Text-to-region grounding data:
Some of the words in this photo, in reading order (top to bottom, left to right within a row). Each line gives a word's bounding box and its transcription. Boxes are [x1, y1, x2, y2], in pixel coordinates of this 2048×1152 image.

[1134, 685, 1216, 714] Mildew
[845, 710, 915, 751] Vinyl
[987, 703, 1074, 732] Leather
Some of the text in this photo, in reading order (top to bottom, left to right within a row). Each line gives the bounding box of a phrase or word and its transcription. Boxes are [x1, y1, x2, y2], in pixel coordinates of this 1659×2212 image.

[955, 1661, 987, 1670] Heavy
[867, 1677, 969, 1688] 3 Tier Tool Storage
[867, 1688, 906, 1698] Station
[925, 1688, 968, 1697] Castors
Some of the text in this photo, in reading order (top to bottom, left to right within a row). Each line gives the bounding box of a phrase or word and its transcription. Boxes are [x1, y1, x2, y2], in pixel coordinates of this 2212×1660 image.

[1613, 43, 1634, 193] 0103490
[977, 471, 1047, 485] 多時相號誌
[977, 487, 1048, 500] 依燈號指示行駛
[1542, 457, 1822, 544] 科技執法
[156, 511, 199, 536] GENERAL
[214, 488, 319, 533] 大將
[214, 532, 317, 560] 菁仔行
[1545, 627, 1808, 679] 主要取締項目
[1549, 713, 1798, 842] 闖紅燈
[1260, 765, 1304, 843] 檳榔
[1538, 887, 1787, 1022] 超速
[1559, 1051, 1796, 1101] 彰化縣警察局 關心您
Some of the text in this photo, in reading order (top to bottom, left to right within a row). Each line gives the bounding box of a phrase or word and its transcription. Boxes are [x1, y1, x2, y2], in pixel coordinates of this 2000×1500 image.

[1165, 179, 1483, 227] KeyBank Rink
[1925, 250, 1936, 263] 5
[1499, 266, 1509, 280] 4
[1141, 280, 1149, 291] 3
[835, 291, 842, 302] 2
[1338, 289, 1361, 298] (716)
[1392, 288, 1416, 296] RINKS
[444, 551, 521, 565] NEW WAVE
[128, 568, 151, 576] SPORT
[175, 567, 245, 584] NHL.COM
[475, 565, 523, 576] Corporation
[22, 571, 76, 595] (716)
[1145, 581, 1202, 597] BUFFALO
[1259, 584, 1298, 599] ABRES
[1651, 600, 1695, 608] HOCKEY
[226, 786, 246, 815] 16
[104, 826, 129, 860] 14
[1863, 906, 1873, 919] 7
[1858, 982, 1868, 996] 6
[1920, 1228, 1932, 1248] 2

What is required: Exactly as they appear above, give the entries again.

Reply to the task:
Some of the words in this photo, in reading order (top to bottom, left to right within a row). Each line gives a word's bounding box and its transcription. Boxes are [x1, y1, x2, y2], in pixel coordinates of this 2048×1152 image.

[1134, 685, 1216, 714] Mildew
[845, 710, 915, 751] Vinyl
[987, 703, 1074, 732] Leather
Some of the text in this photo, in reading order (top to bottom, left to right within a row). Each line gives the bounding box of a phrase or word and its transcription. Boxes are [x1, y1, x2, y2], in pixel coordinates of this 1659×2212 image.

[955, 1661, 987, 1670] Heavy
[867, 1677, 969, 1688] 3 Tier Tool Storage
[867, 1688, 906, 1698] Station
[925, 1688, 968, 1697] Castors
Some of the text in this photo, in reading order (top to bottom, left to right within a row). Each line gives the bounding box of a phrase or word and its transcription. Boxes are [x1, y1, x2, y2], in pixel coordinates of this 2212×1660 image.

[1613, 43, 1634, 193] 0103490
[977, 471, 1047, 485] 多時相號誌
[977, 487, 1048, 500] 依燈號指示行駛
[1542, 457, 1822, 544] 科技執法
[156, 511, 199, 536] GENERAL
[214, 488, 319, 533] 大將
[214, 532, 317, 560] 菁仔行
[1545, 627, 1808, 679] 主要取締項目
[1549, 713, 1798, 842] 闖紅燈
[1260, 765, 1304, 843] 檳榔
[1538, 887, 1787, 1022] 超速
[1559, 1051, 1796, 1101] 彰化縣警察局 關心您
Some of the text in this photo, in reading order (top to bottom, left to right within a row). Each line gives the bounding box of a phrase or word and its transcription. Boxes are [x1, y1, x2, y2], in pixel coordinates of this 2000×1500 image.

[1165, 179, 1483, 227] KeyBank Rink
[1925, 250, 1936, 263] 5
[1499, 266, 1509, 280] 4
[1141, 280, 1149, 291] 3
[835, 291, 842, 302] 2
[1338, 289, 1361, 298] (716)
[1392, 288, 1416, 296] RINKS
[444, 551, 521, 565] NEW WAVE
[128, 568, 151, 576] SPORT
[175, 567, 245, 584] NHL.COM
[475, 565, 523, 576] Corporation
[22, 571, 76, 595] (716)
[1145, 581, 1202, 597] BUFFALO
[1259, 584, 1298, 599] ABRES
[1651, 600, 1695, 608] HOCKEY
[226, 786, 246, 815] 16
[104, 826, 129, 860] 14
[1863, 906, 1873, 919] 7
[1858, 982, 1868, 996] 6
[1920, 1228, 1932, 1248] 2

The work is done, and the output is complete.